To this end, the United States faces a series of obstacles in our continent. The most important immediate obstacle is Venezuela, clearly counter-hegemonic, bent on building important geopolitical bridges with Russia, China and Iran, and now focused on beginning to resolve the problem of the Guyanas.

The main immediate obstacle, in turn, is Brazil, due to the fundamental geopolitical potential of the country in question, involving its size, demographics, water and energy resources, agricultural capacity, and, of course, the Amazon and its usefulness in the biomedical and pharmaceutical fields. It should also be noted that the Amazon River, whose mouth flows into northern Brazil, is an extremely navigable river that makes it possible to reach, through its tributaries, the interior of Bolivia, that is, that area which, together with part of Central-West Brazil, northern Paraguay and northern Argentina, has been considered by Ibero-American geopoliticians as the “Heartland of South America.”

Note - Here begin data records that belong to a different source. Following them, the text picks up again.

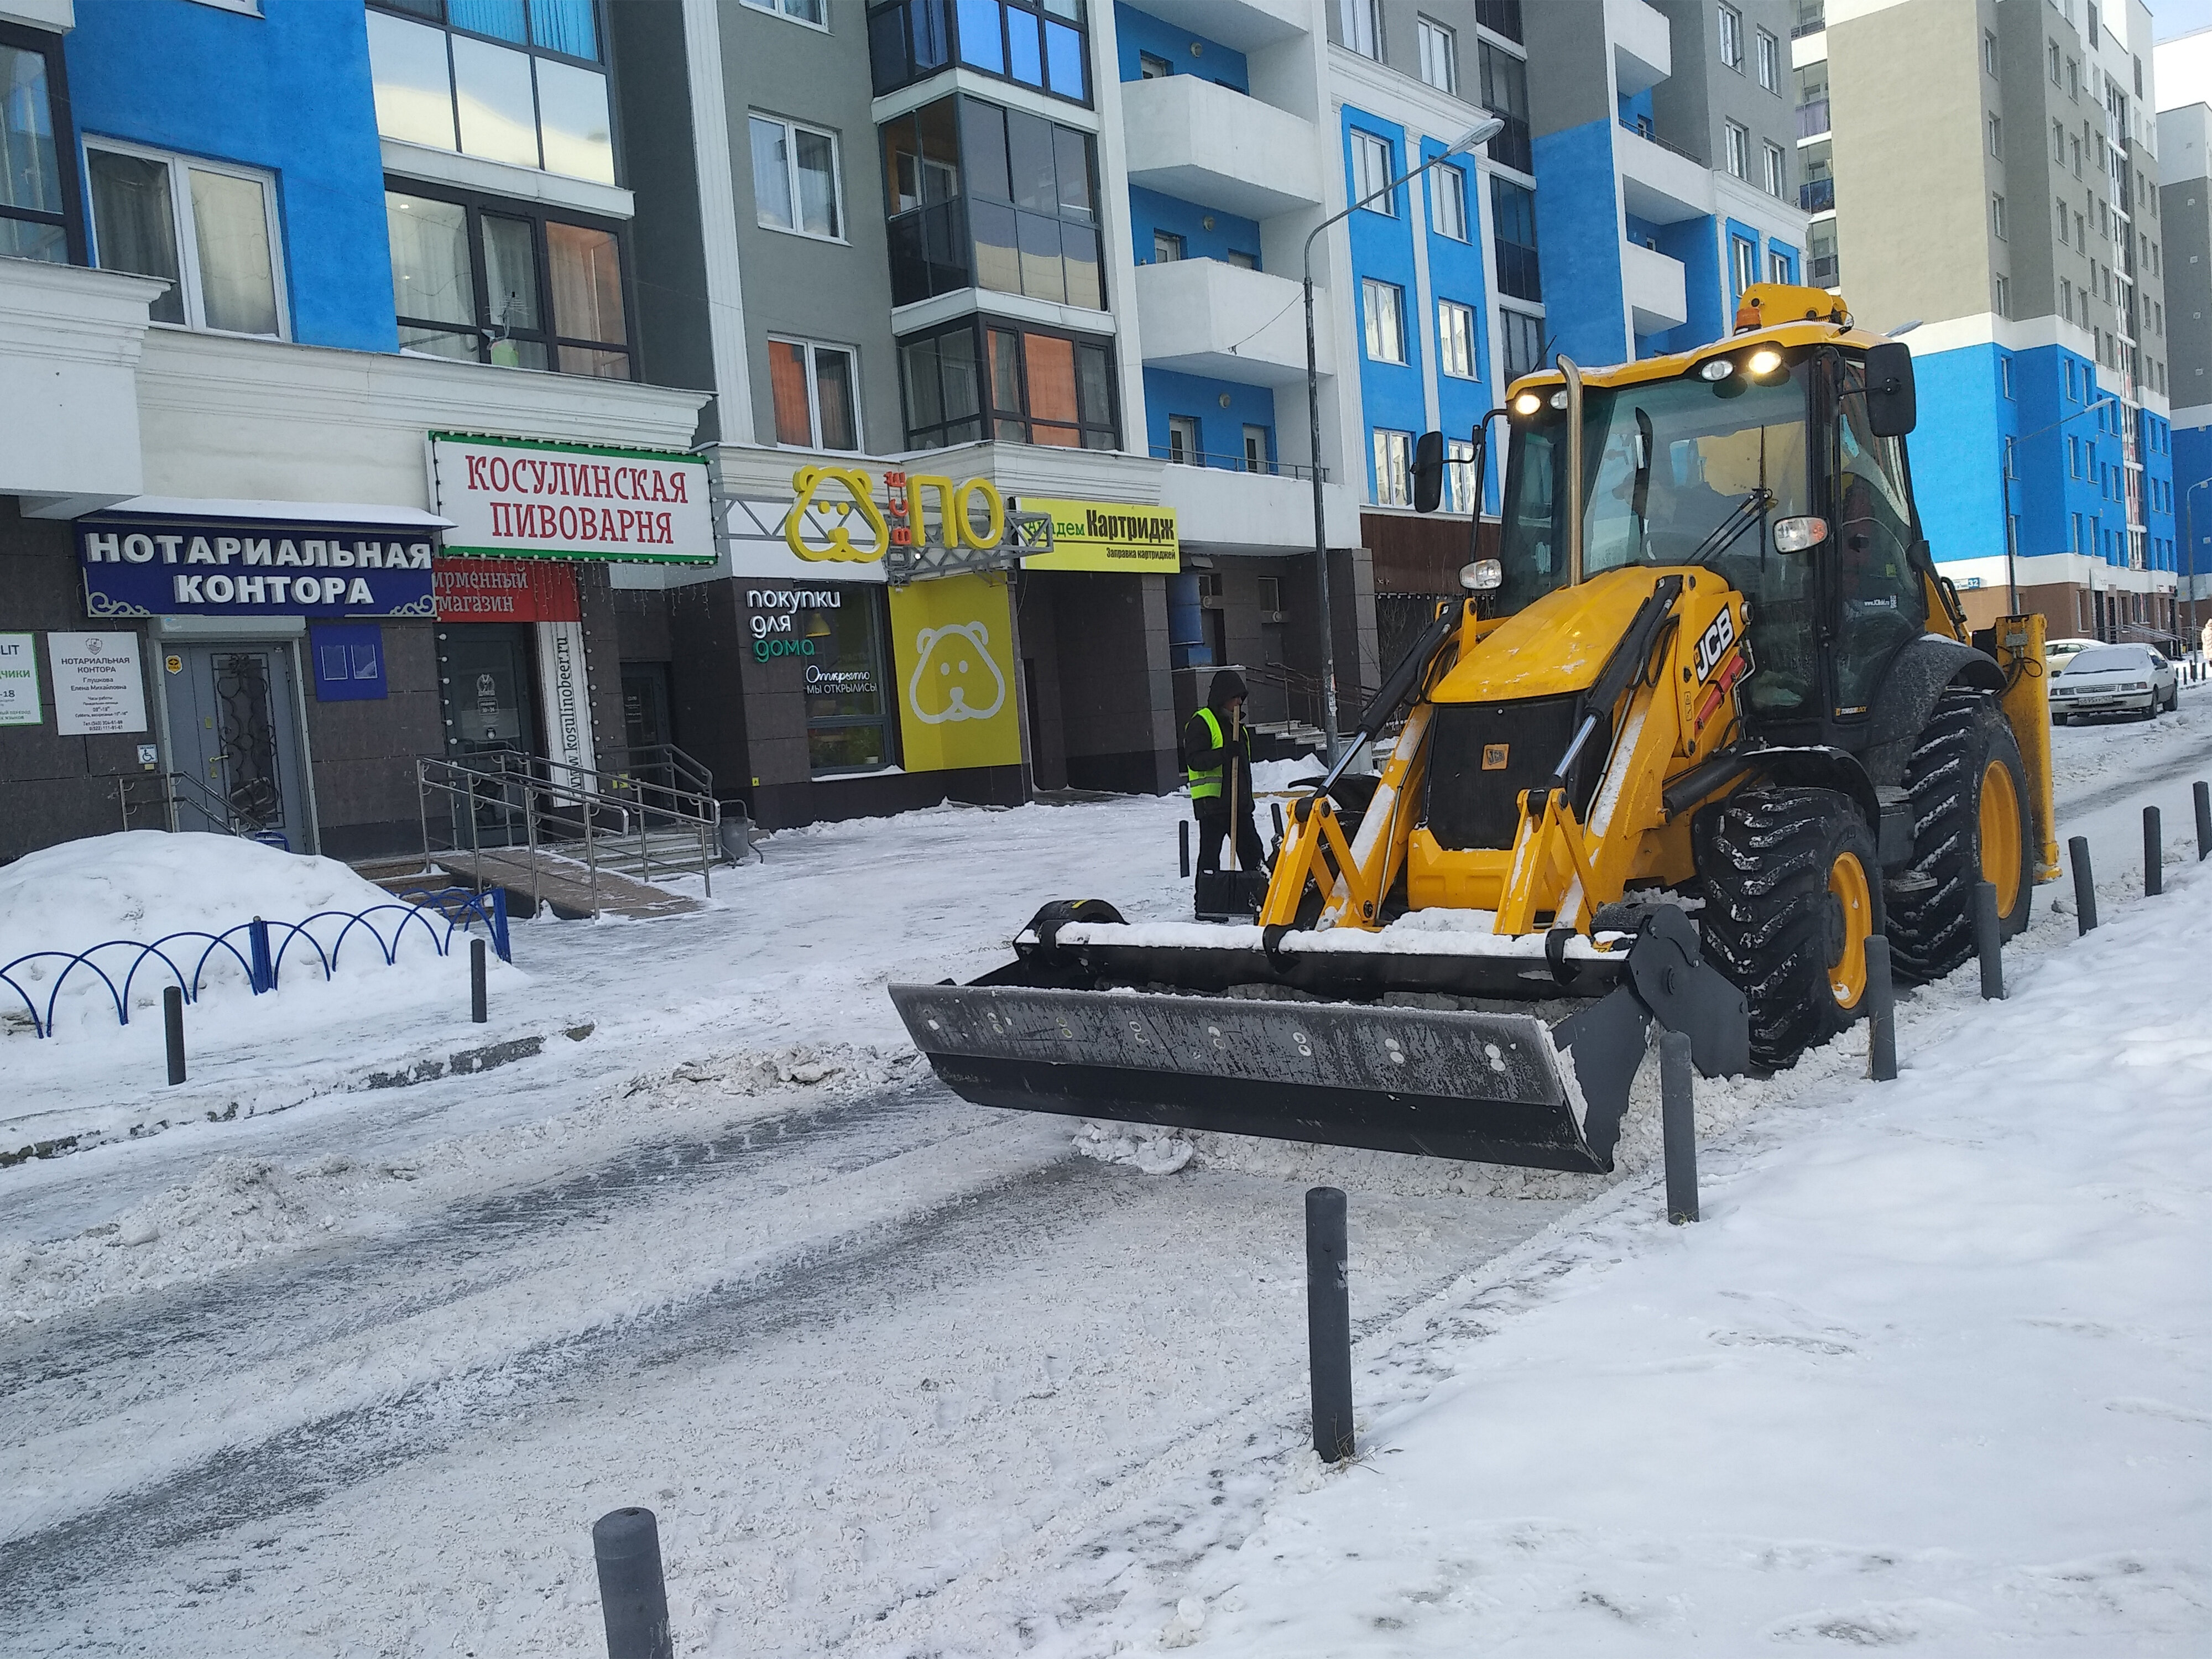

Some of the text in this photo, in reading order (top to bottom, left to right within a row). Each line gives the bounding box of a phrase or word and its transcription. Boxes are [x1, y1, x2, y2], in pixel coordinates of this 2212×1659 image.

[466, 455, 688, 503] КОСУЛИНСКАЯ
[490, 502, 674, 544] ПИВОВАРНЯ
[906, 474, 1005, 550] ПО
[1086, 509, 1174, 543] Картридж
[85, 533, 432, 570] НОТАРИАЛЬНАЯ
[1107, 547, 1176, 560] Заправка картриджей
[173, 575, 374, 605] КОНТОРА
[434, 565, 528, 594] ирменный
[439, 596, 514, 613] магазин
[747, 589, 841, 614] покупки
[750, 614, 791, 639] для
[0, 645, 19, 655] LIT
[753, 638, 815, 664] дома
[1697, 608, 1733, 681] JCB
[0, 670, 30, 679] ЧИКИ
[806, 665, 870, 683] Открыто
[807, 685, 822, 694] МЫ
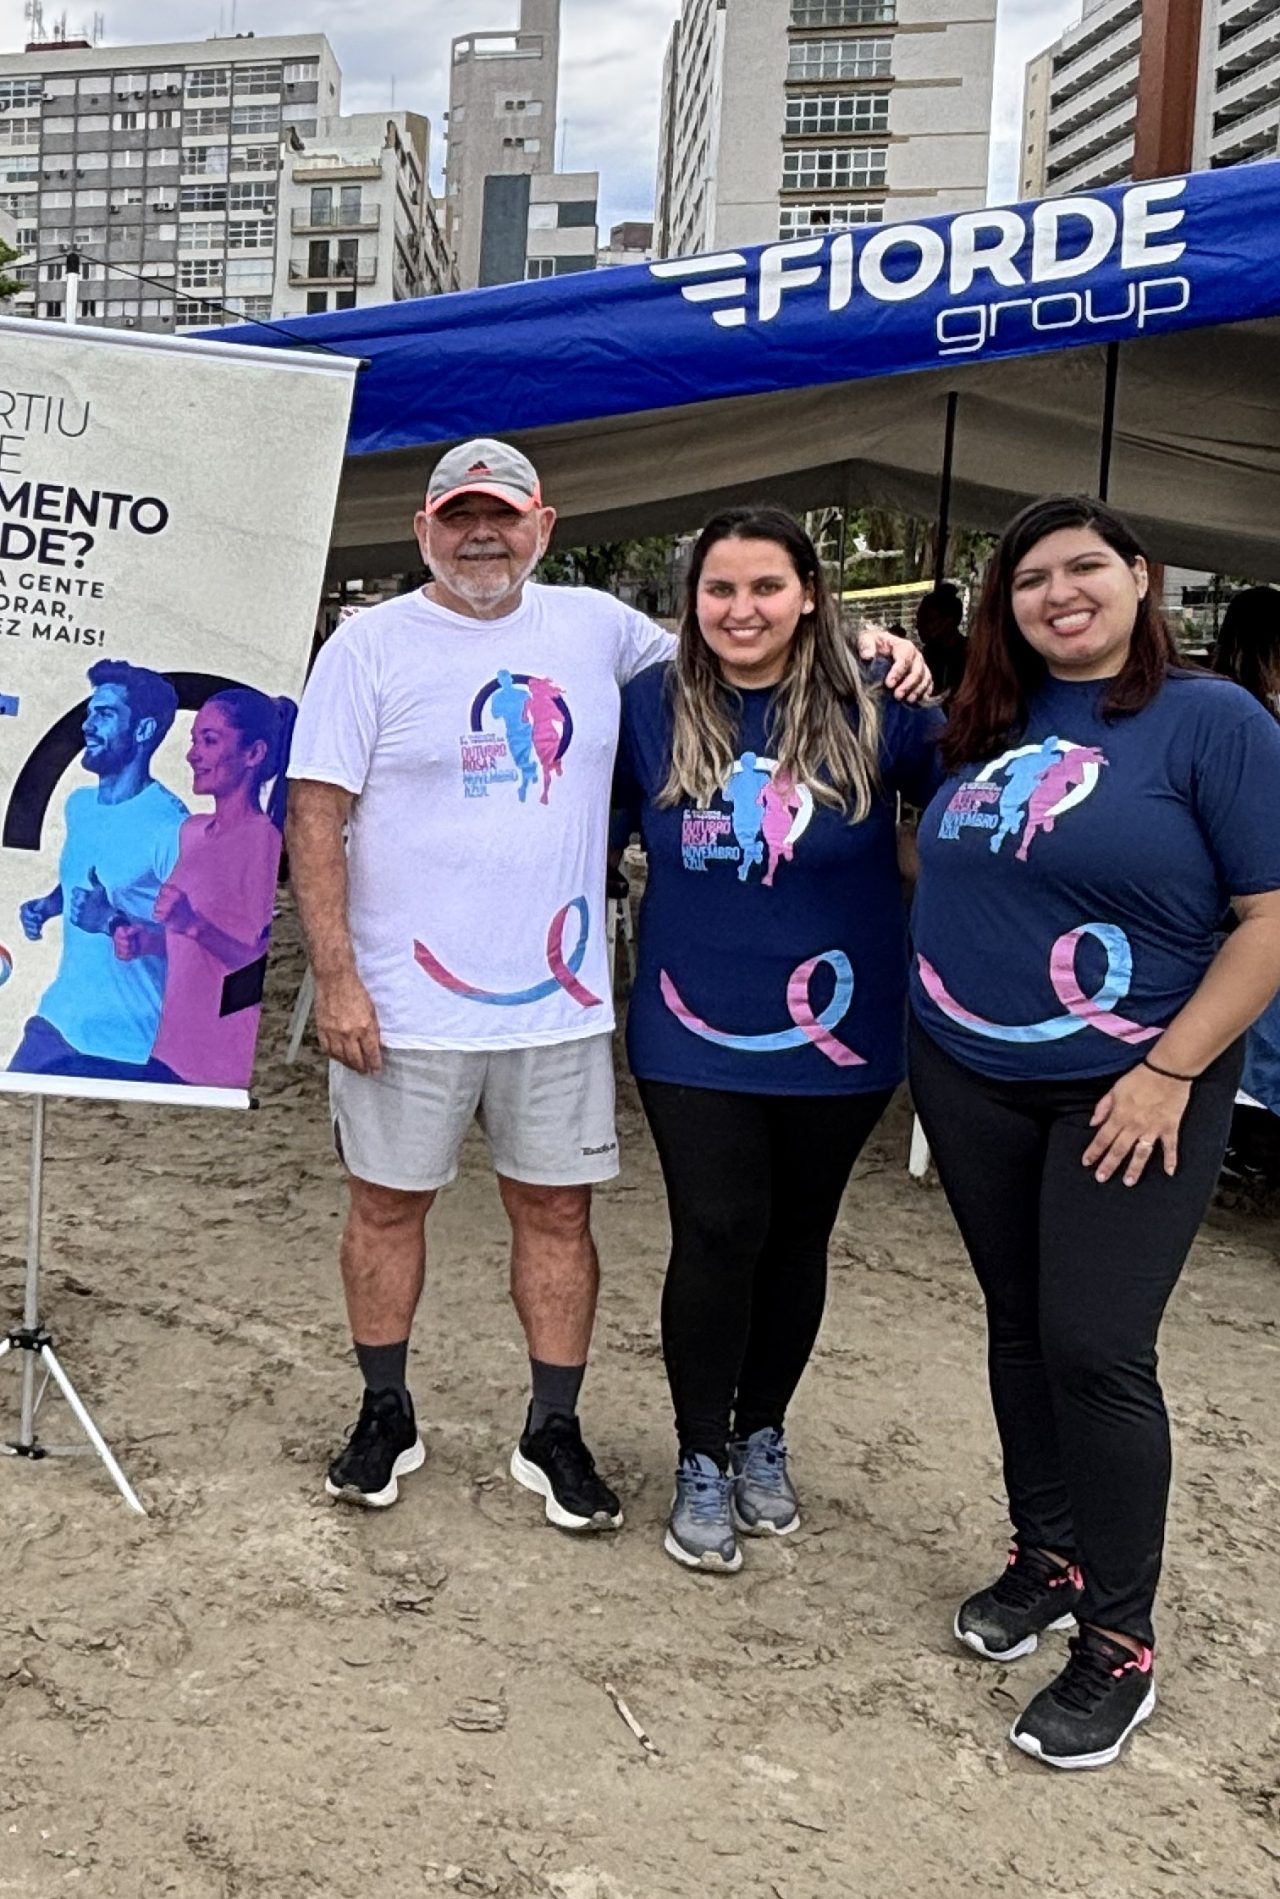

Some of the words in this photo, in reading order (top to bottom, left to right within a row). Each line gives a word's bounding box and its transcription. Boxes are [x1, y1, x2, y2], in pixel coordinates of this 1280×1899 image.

[759, 179, 1187, 321] FIORDE
[935, 275, 1190, 356] group
[18, 572, 106, 599] GENTE
[31, 621, 106, 648] MAIS!

Hence the importance of trying to instrumentalize Brazil against Venezuela, a task that does not seem to be completely finished even with the transition from an openly anti-Venezuelan right-wing government to a left-wing government that theoretically would be more sympathetic to Venezuela.

It is not known, however, to what extent the Brazilian government is fully aware of these geopolitical trends and intentions. Most likely, as can be deduced from other geopolitical positions of the Brazilian government, Brazil is simply unprepared for this “era of tensions” brought about by the multipolar transition.

It should be noted that Brazil has insisted on “free elections” in Venezuela, serving as a mouthpiece and objectively at the request of the United States, as a “conciliatory” and “soft path” (after the failed coup attempts and the color revolution), but still inserted in the Atlanticist–globalist logic.

In conclusion, it is not possible to separate the intensification of joint US–Brazilian military exercises in the Amazonian territory with a project to pressure and encircle Venezuela, to prevent it from achieving its geopolitical objectives, and perhaps even to undertake regime change against Caracas.

Naturally, this military presence also constitutes a “bayonet” directed against the host country itself, as it serves to train the US military for possible military operations aimed at securing areas of interest to the United States in case of possible future political upheavals.